_Exercise description_.
Line by line, print the records exactly, and keep images out of the copy.

_Dataset_.
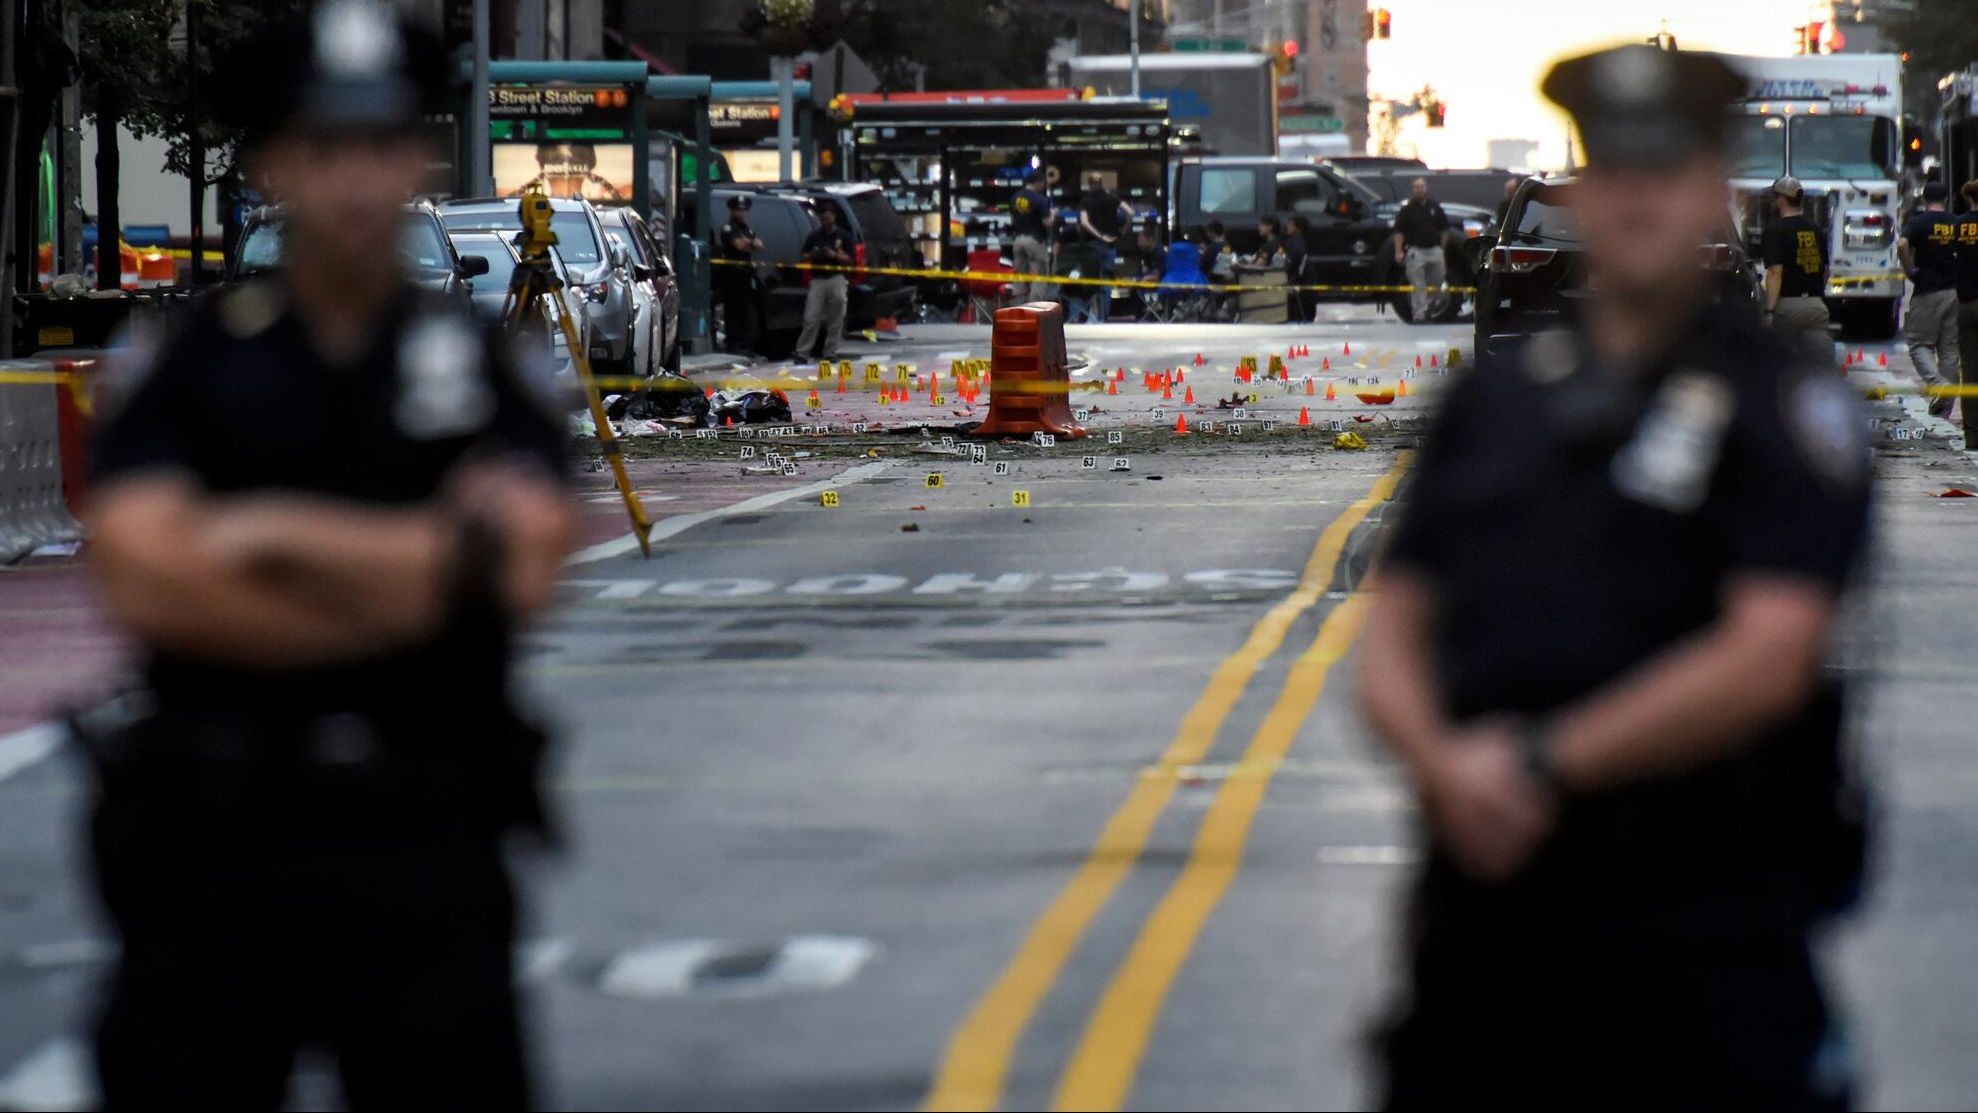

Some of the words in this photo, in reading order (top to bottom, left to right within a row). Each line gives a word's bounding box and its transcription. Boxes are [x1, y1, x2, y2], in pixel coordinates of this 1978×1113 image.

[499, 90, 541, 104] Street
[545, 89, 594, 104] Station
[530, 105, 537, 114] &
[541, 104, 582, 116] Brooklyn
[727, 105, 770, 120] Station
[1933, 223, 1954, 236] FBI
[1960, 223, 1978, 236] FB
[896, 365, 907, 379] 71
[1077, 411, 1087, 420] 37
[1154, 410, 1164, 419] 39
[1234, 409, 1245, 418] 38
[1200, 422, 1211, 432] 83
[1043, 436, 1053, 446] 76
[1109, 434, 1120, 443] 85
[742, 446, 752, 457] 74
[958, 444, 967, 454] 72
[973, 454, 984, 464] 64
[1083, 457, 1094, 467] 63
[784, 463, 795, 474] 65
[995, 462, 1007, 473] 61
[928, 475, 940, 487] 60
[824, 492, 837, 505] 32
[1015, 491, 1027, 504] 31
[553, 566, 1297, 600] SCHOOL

_Written answer_.
Some of the words in this photo, in reading order (top to bottom, left to right within a row). Each line gives a word's bounding box and its transcription. Boxes are [x1, y1, x2, y2], in pixel coordinates of this 1978×1113 image.

[499, 90, 541, 104] Street
[545, 89, 594, 104] Station
[530, 105, 537, 114] &
[541, 104, 582, 116] Brooklyn
[727, 105, 770, 120] Station
[1933, 223, 1954, 236] FBI
[1960, 223, 1978, 236] FB
[896, 365, 907, 379] 71
[1077, 411, 1087, 420] 37
[1154, 410, 1164, 419] 39
[1234, 409, 1245, 418] 38
[1200, 422, 1211, 432] 83
[1043, 436, 1053, 446] 76
[1109, 434, 1120, 443] 85
[742, 446, 752, 457] 74
[958, 444, 967, 454] 72
[973, 454, 984, 464] 64
[1083, 457, 1094, 467] 63
[784, 463, 795, 474] 65
[995, 462, 1007, 473] 61
[928, 475, 940, 487] 60
[824, 492, 837, 505] 32
[1015, 491, 1027, 504] 31
[553, 566, 1297, 600] SCHOOL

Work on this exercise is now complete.